▸ **Your goal**: Would you retype the whole listing exactly, leaving its pictures out?

▸ **Material supplied**:
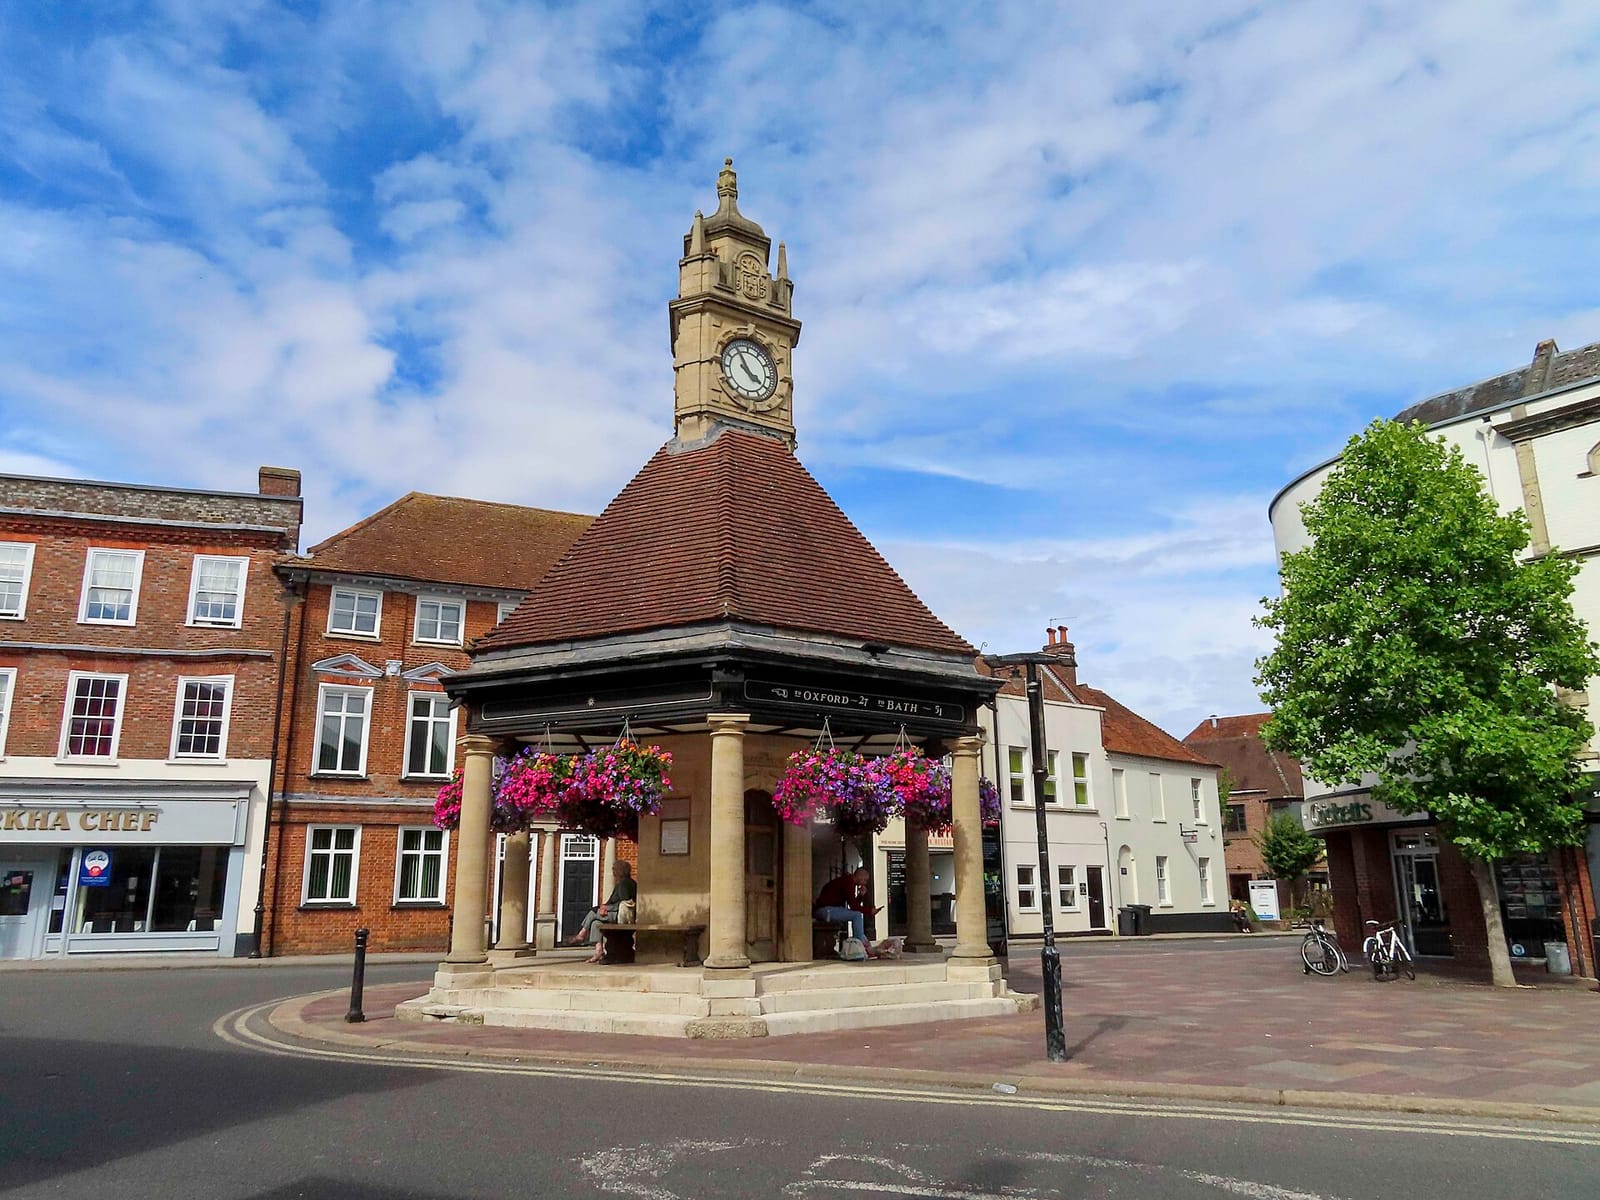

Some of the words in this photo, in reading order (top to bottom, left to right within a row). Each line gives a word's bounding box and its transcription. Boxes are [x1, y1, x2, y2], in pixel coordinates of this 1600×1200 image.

[803, 690, 850, 705] OXFORD
[886, 700, 918, 713] BATH
[0, 809, 71, 831] KHA
[79, 809, 158, 831] CHEF

▸ **Your response**:
Some of the words in this photo, in reading order (top to bottom, left to right within a row). Each line gives a word's bounding box and its transcription. Boxes are [x1, y1, x2, y2], in pixel coordinates of this 1600×1200 image.

[803, 690, 850, 705] OXFORD
[886, 700, 918, 713] BATH
[0, 809, 71, 831] KHA
[79, 809, 158, 831] CHEF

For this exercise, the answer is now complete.